Retailers hoping for decent returns from their promotions investment this year will need a much more detailed picture of what’s actually happened as they go into peak, says Robin Coles, Managing Director EMEA at XCCommerce.
Covid and Brexit have taught us all that the word upheaval is a highly subjective term, based as it is on the information available at the time of phrasing. The word was widely used prior to March 2020 to describe a retail market where consumer behaviour had become unpredictable, fickle and often unusual.
As a result, retailers were urged to adopt a more flexible model for promotions management so they could respond to constant change and, in doing so, protect their investment and maintain healthy and profitable communications with their customers.
In late 2021, upheaval does not seem to quite describe what is happening, made worse by the fact that unusual mid pandemic behaviour now looks set to become habitual. Online shopping grew as much in eight weeks as it did in 10 years, according to McKinsey. In addition, it found that grocery ecommerce rose by 17% while sectors that depended on travel declined as the 3-day or less in the office working week looks set to become the norm.

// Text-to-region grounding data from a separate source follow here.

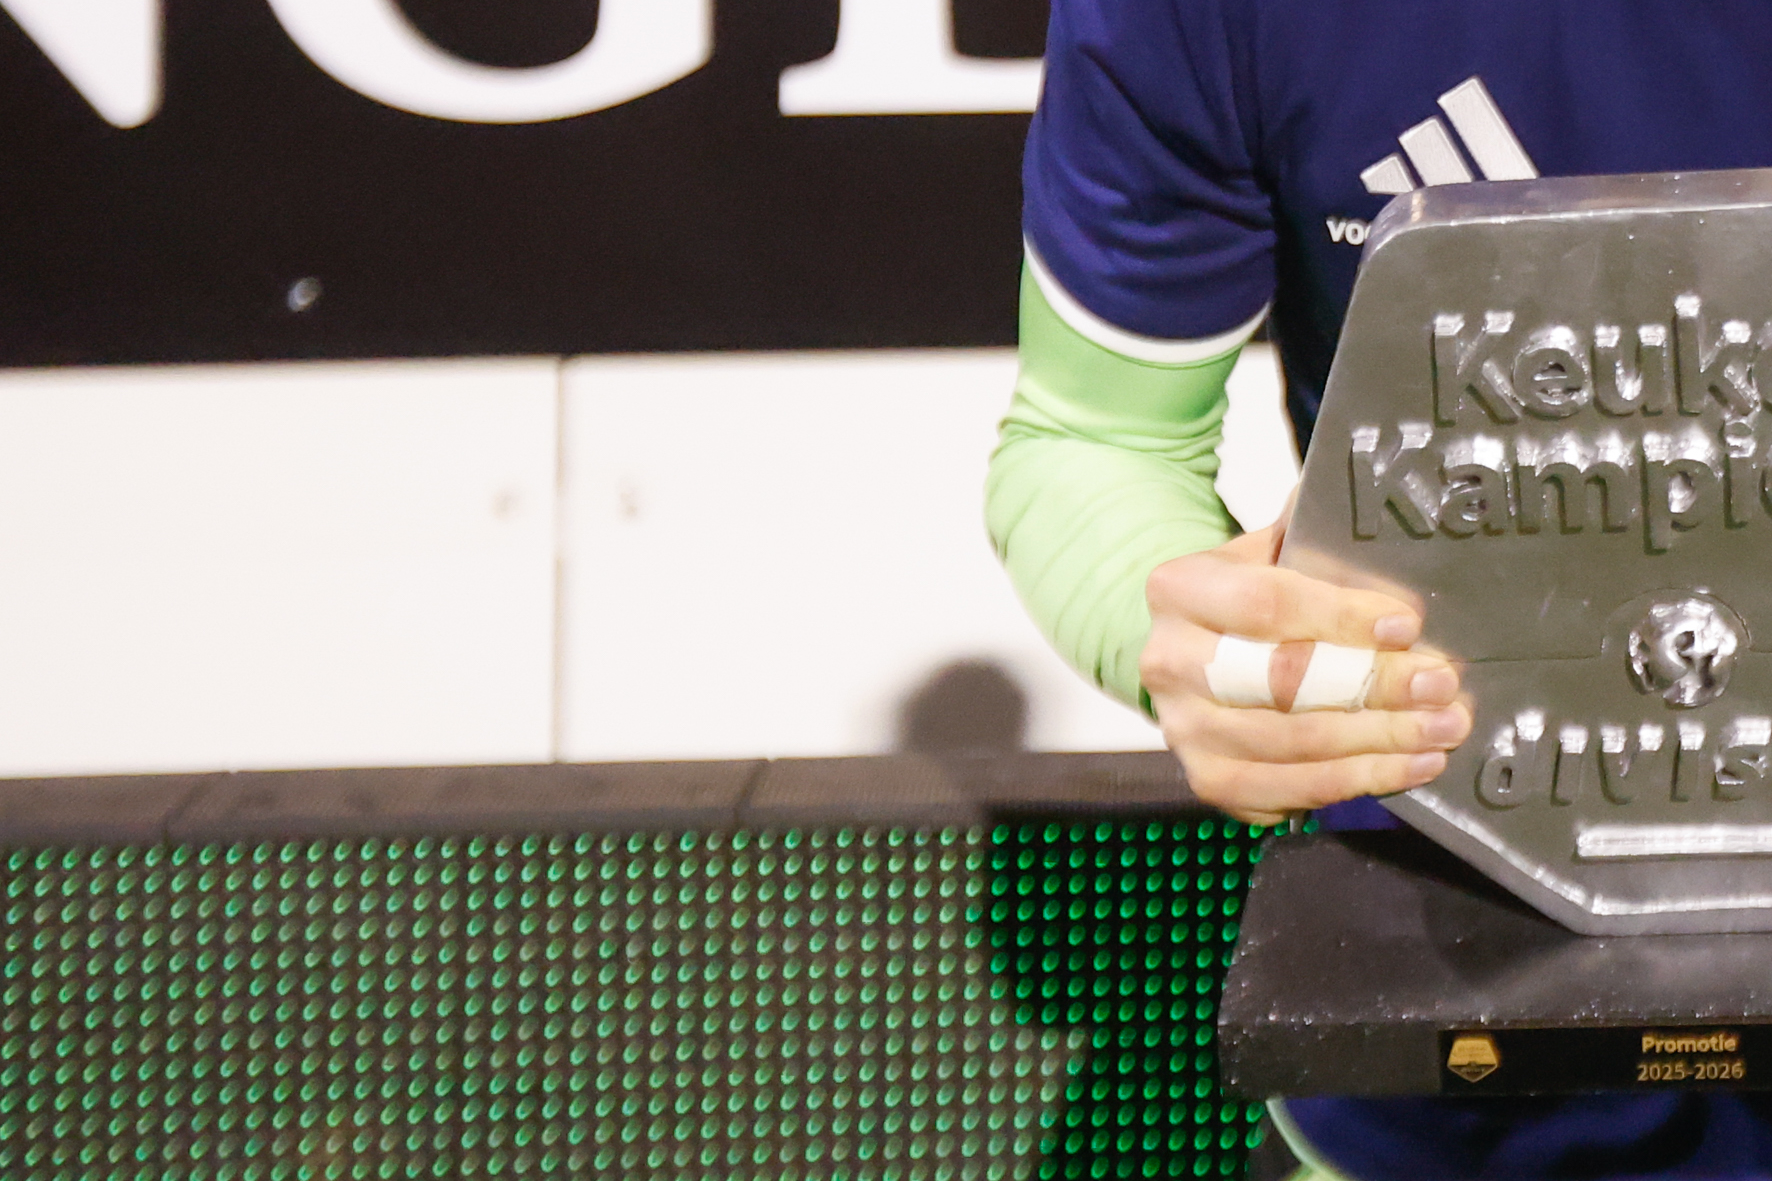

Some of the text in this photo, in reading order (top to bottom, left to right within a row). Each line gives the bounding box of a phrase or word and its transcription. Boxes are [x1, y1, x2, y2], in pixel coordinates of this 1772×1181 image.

[1325, 218, 1372, 246] VO
[1640, 1032, 1739, 1054] Promotie
[1637, 1061, 1745, 1082] 2025-2026
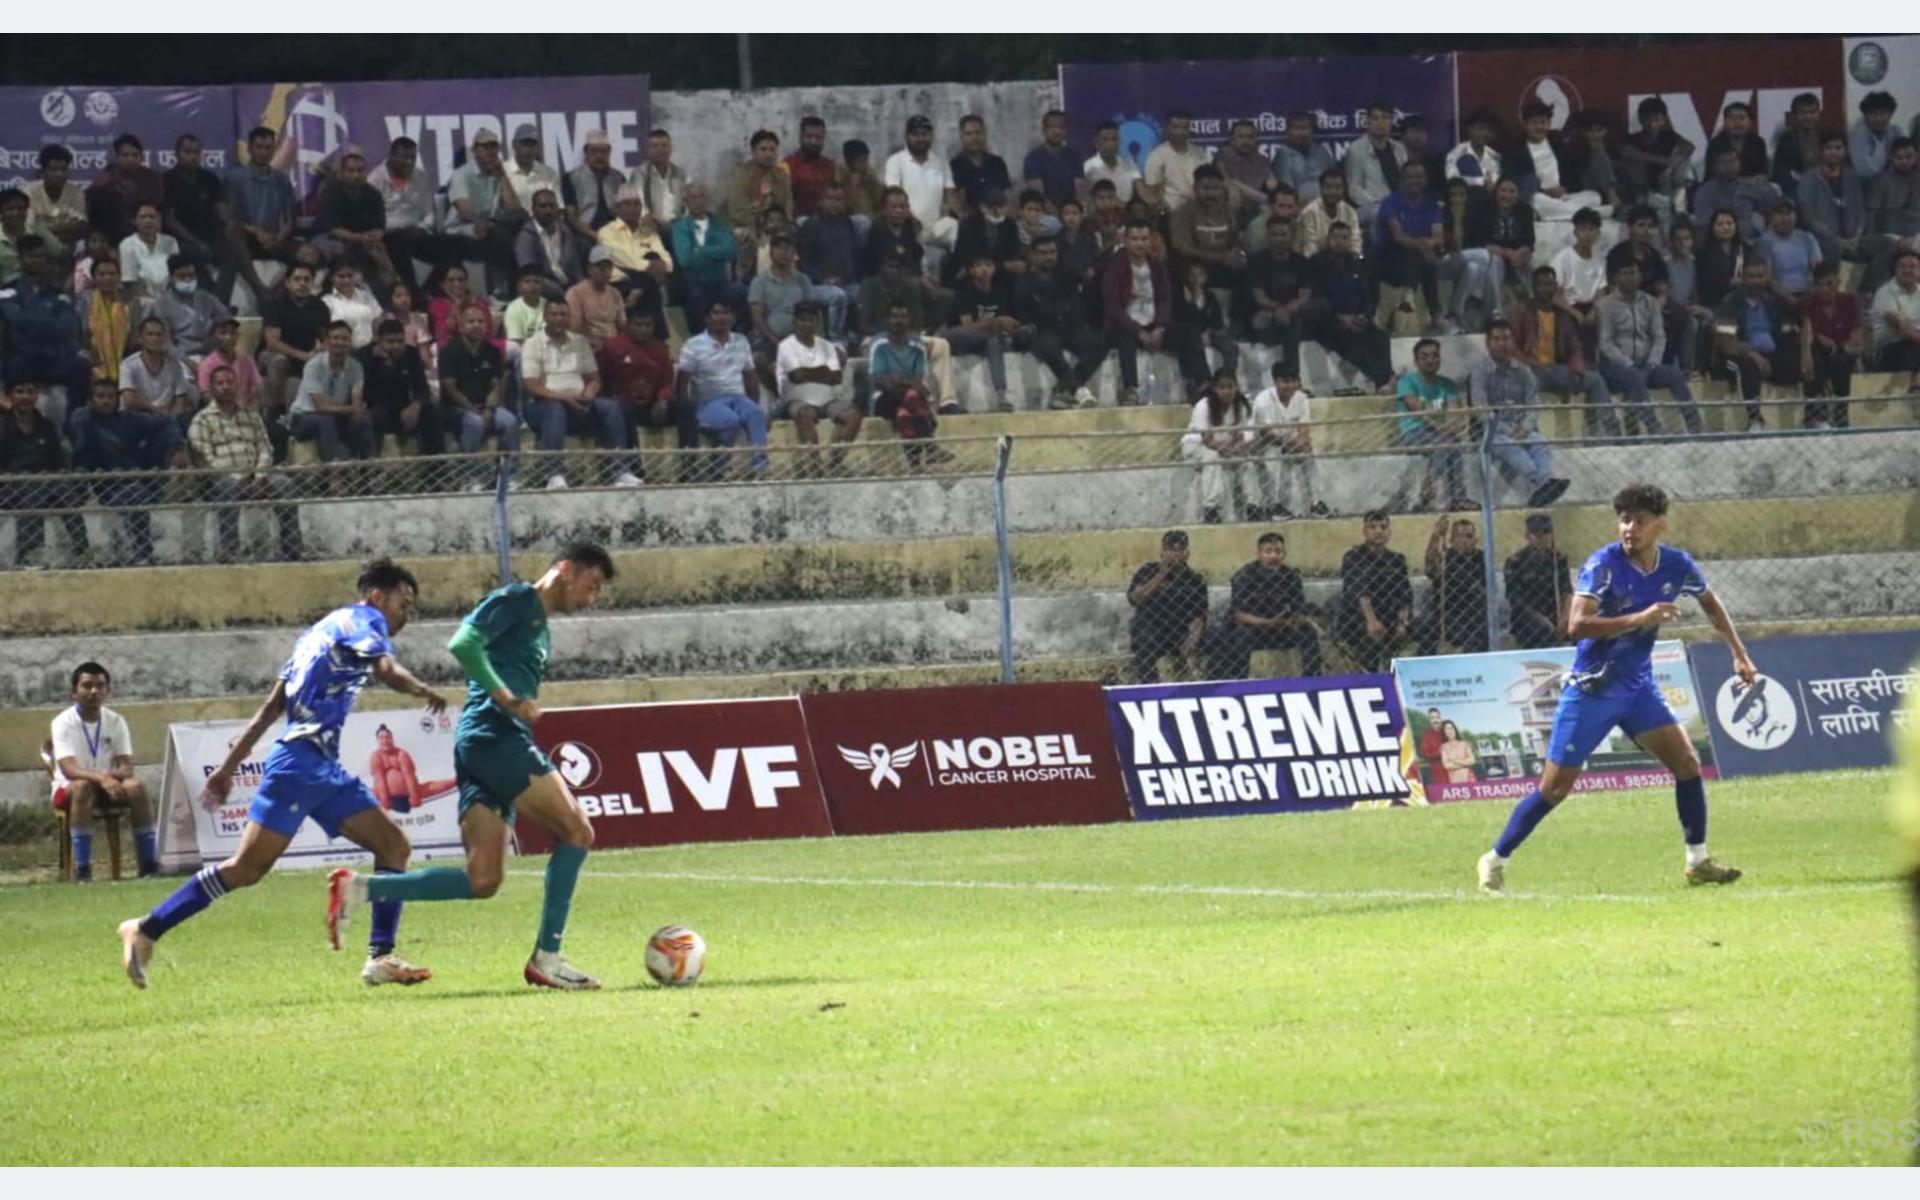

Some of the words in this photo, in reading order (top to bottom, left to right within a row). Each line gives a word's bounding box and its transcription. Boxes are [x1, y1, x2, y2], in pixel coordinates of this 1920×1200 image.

[1119, 687, 1400, 765] XTREME
[933, 734, 1093, 770] NOBEL
[576, 793, 644, 817] BEL
[636, 745, 801, 814] IVF
[938, 769, 1009, 786] CANCER
[1012, 766, 1096, 783] HOSPITAL
[1137, 762, 1280, 806] ENERGY
[1290, 755, 1410, 799] DRINK
[1442, 786, 1472, 801] ARS
[1472, 781, 1537, 798] TRADING

Behind these figures, we can see that consumers shopped more purposefully leaving less time for browsing; shopping journeys became shorter which gave local suppliers a boost; clothing purchases switched from formal to casual; and, promotional behaviour became even harder to direct.
As original research of 2,000 consumers undertaken by XCCommerce during the pandemic shows, greater sensitivity over economic and employment prospects made consumers want lower prices more than ever; 56% said discounts will be the most important factor when considering where to shop.

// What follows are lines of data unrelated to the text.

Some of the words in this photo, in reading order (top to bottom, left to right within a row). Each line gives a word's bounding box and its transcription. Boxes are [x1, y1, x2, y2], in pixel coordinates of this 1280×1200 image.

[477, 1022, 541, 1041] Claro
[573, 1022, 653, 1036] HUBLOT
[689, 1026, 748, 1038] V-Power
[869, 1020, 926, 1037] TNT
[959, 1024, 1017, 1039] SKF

However, in the same research, 72% of respondents said they want more promotions and 69% would make that the reason they bought from a retailer. 77% wanted coupons and vouchers etc while 62% said they would be loyal to retailers who offer promotions.
This level of upheaval is now the norm and set to get worse in the context of the all-important peak trading season. Politicians and senior industry figures can say don’t panic but this tends to have the opposite effect on consumers and will make their behaviour even harder to call as we get closer to Christmas.

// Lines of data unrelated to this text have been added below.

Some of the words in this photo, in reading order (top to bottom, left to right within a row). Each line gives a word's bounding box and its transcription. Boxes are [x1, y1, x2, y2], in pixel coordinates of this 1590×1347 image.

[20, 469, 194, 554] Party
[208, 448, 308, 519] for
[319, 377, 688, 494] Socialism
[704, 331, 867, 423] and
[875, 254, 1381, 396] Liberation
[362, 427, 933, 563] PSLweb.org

Retailers will therefore need to be able to react much more quickly to these new behaviours. This starts with better insight into how consumers have been accessing promotions over the last 18 months. In our research, 52% of consumers reported accessing offers via mail coupons and offers from retailers and brands. 36% are accessing in-store promoted offers while 28% are using offers received as part of a loyalty programme. For promotions via push notifications from a retailer’s app it was 24%. A fifth (20%) of 18-24-year-old are accessing promotions via SMS and 21% are accessing offers through TV advertising.
This insight though has a sting in the tail, that promotions management has become harder than ever because of the sheer volume of promotions, the channels they are promoted through and the way consumers access them. For instance, in research by Blackhawk Network, 59% of consumers bought a gift card online during lockdowns and other restrictions but as things ease further, 70% continue with purchasing online gift cards and of those, 38% said the reason for this was that they specifically wanted a digital card rather than a physical card. In addition, consumers want immediacy when it comes to using promotions; 67% of consumers said they are interested in instant gifting, enabling them to immediately send a gift card via email or SMS. 70% of consumers said they are likely to purchase a gift card this Christmas and 59% plan to purchase online.
This desire for greater digitisation is useful to retailers because it will enable them to consolidate multiple promotions through a single app or file, which makes it easier for the consumer to access and easier for in-store staff to process. Retailers can be everywhere at once but with messaging and promotional content that is consistent in terms of price and offer. It then becomes easier to broaden the offer, particularly with supply problems that are starting to bite, so retailers can offer other soft benefits such as donating to charity or access to special events.
This is one of the steps to greater simplicity and from there to personalisation so that promotions are designed, communicated and executed based on the known preferences of each customer. This requires a centralised, integrated promotion management capability that can access all available data about customers and execute across all channels, on and offline.
This capability will be the baseline during the run up to Christmas and into the future. While making changes immediately will be hard for most retailers now going into peak, by analysing promotions performance from now until end January, in order to get a picture of the wins and fails, they can create a solution wishlist for 2022.